First, it is an explicit move away from the existing methodology of assessing security. Current governmental structures (often mimicked in the private sector) look at the security of particular assets (i.e., is this database secure?) or organizations. For that reason, much of our infrastructure protection apparatus revolves around 16 sector-specific views. We ask, for example, about the security of the agriculture sector, businesses and organizations within that sector, and particular facilities within those organizations.

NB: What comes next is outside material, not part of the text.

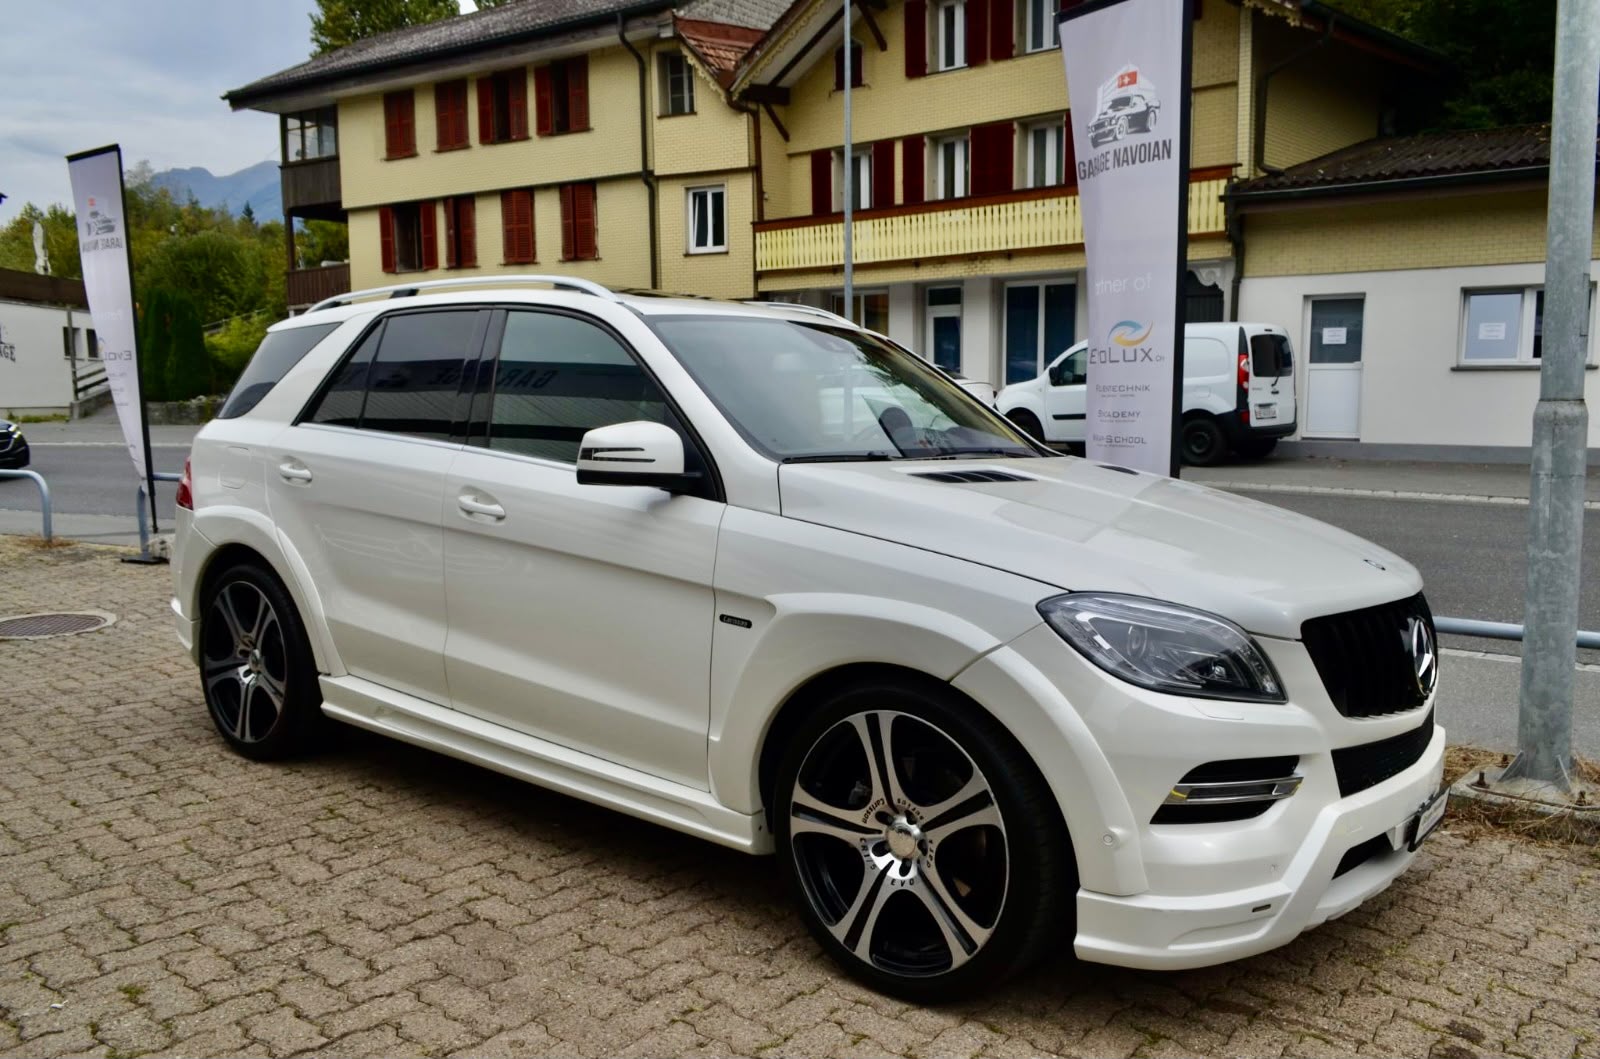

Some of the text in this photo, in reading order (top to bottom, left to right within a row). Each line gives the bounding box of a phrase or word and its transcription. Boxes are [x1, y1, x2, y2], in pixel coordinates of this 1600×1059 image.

[1113, 139, 1172, 169] NAVOIAN
[1134, 272, 1153, 291] of
[890, 878, 915, 887] EVO

In the newer vision, we shift to a more cross-cutting focus on functionality, so that agricultural security is a result of security in the production of agricultural products and the security of the transportation and delivery of all cargo (not just food goods) by air, sea, rail and roadway. A cross-sector functionality framework recognizes that the security of functions that undergird the delivery of products and results is often more important than the security of the products themselves. This is a welcome change and the first step to a new type of “Risk Register” that can combine risk assessment, consequence modeling and a dependency analysis to identify the highest priority risks in need of mitigation. Some (perhaps many) of those will not be cybersecurity risks, but that’s a good thing too—part of measuring cybersecurity investment is also prioritizing that investment with other infrastructure security vulnerabilities.

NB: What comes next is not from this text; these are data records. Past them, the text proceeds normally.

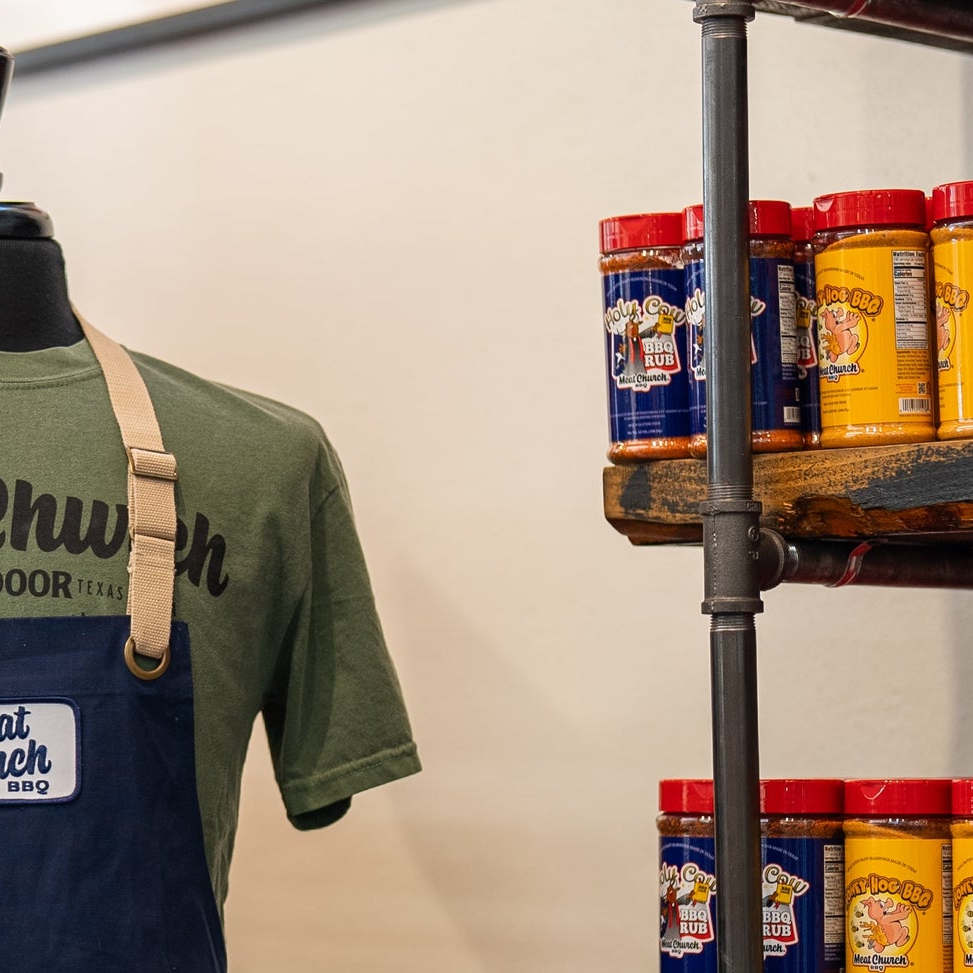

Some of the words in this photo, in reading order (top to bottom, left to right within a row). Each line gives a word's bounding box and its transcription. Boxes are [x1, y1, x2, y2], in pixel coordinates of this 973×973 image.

[825, 287, 849, 305] HOG
[852, 290, 882, 314] BBQ
[945, 285, 968, 309] BBQ
[685, 289, 705, 318] Hol
[605, 299, 640, 328] Holy
[645, 297, 685, 323] Cow
[644, 342, 674, 354] BBQ
[644, 354, 675, 367] RUB
[829, 365, 858, 375] Church
[619, 375, 636, 385] Meat
[636, 373, 667, 384] Church
[77, 578, 123, 600] TEXAS
[7, 779, 50, 794] BBQ
[764, 866, 807, 893] Cow
[870, 876, 900, 894] HOG
[902, 882, 932, 908] BBQ
[680, 910, 708, 922] BBQ
[762, 912, 791, 924] BBQ
[680, 922, 708, 934] RUB
[762, 924, 791, 936] RUB
[672, 940, 699, 949] Church
[854, 954, 871, 964] Meat
[872, 954, 906, 966] Church

The second fundamental benefit of the new NCFS is the transformative effect it may have on how we discuss security altogether. For far too long (especially in the cybersecurity field) we have defined security around concepts of detection and prevention. We have afforded almost no priority to assessing the resiliency of our systems, and it may well be that in doing so we are missing a more realistic definition of what cybersecurity means. Instead of asking, “What intrusions did we prevent?” we might instead ask, “How quickly did the system come back on line?” I am not sure that resiliency is the only measure—and in some cases (like, say, control of nuclear weapons systems) it may be a particularly poor measure. But in many cases the problem is not so much the intrusion (say, of ransomware in Baltimore recently) but how quickly, or slowly, Baltimore can resume operations.
By focusing on functions rather than assets, the NCFS is making a strong move to energize the incorporation of resiliency metrics into our risk analysis. After all, the concept of functionality is the very essence of operational resiliency. We ask how the transport system is working, not whether a particular transport hub is operational. As I said, that may not be a universally appropriate question to ask, but it is a very good thing that someone is asking it. And, as with the BSA framework, I am not sure that the new NCFS is completely right—but it is surely much more right than wrong and yet another good step to grounding (cyber)security in scientific analysis rather than qualitative assessments.
It’s not often I can write a piece about cybersecurity that is generally optimistic. But these two new efforts do make me smile a bit.